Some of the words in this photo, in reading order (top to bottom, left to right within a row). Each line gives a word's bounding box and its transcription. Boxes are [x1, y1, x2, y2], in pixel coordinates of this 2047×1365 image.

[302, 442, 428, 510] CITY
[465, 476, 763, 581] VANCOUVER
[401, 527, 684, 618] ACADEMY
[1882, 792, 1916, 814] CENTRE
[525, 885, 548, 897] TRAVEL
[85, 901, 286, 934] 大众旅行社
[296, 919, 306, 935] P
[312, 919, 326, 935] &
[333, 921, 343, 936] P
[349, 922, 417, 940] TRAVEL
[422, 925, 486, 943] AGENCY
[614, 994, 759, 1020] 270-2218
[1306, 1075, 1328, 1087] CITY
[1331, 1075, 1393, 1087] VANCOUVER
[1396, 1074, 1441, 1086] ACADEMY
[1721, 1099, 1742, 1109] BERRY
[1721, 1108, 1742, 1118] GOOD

__What to do__.
Write the records out again. Each one must match exactly.

__Answer space__.
Some of the words in this photo, in reading order (top to bottom, left to right within a row). Each line gives a word's bounding box and its transcription. Boxes are [x1, y1, x2, y2], in pixel coordinates of this 2047×1365 image.

[302, 442, 428, 510] CITY
[465, 476, 763, 581] VANCOUVER
[401, 527, 684, 618] ACADEMY
[1882, 792, 1916, 814] CENTRE
[525, 885, 548, 897] TRAVEL
[85, 901, 286, 934] 大众旅行社
[296, 919, 306, 935] P
[312, 919, 326, 935] &
[333, 921, 343, 936] P
[349, 922, 417, 940] TRAVEL
[422, 925, 486, 943] AGENCY
[614, 994, 759, 1020] 270-2218
[1306, 1075, 1328, 1087] CITY
[1331, 1075, 1393, 1087] VANCOUVER
[1396, 1074, 1441, 1086] ACADEMY
[1721, 1099, 1742, 1109] BERRY
[1721, 1108, 1742, 1118] GOOD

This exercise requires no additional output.